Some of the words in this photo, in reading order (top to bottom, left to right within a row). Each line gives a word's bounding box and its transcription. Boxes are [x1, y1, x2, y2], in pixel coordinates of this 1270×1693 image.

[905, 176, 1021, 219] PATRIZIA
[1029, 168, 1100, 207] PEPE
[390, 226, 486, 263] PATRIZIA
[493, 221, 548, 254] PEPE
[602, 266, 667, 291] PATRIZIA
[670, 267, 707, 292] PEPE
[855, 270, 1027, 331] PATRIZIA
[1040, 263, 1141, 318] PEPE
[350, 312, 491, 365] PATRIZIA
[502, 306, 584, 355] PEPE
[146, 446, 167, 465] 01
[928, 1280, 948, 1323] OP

Assignment: Repeat all the material, keeping each line identical.

Answer to the problem:
Some of the words in this photo, in reading order (top to bottom, left to right within a row). Each line gives a word's bounding box and its transcription. Boxes are [x1, y1, x2, y2], in pixel coordinates of this 1270×1693 image.

[905, 176, 1021, 219] PATRIZIA
[1029, 168, 1100, 207] PEPE
[390, 226, 486, 263] PATRIZIA
[493, 221, 548, 254] PEPE
[602, 266, 667, 291] PATRIZIA
[670, 267, 707, 292] PEPE
[855, 270, 1027, 331] PATRIZIA
[1040, 263, 1141, 318] PEPE
[350, 312, 491, 365] PATRIZIA
[502, 306, 584, 355] PEPE
[146, 446, 167, 465] 01
[928, 1280, 948, 1323] OP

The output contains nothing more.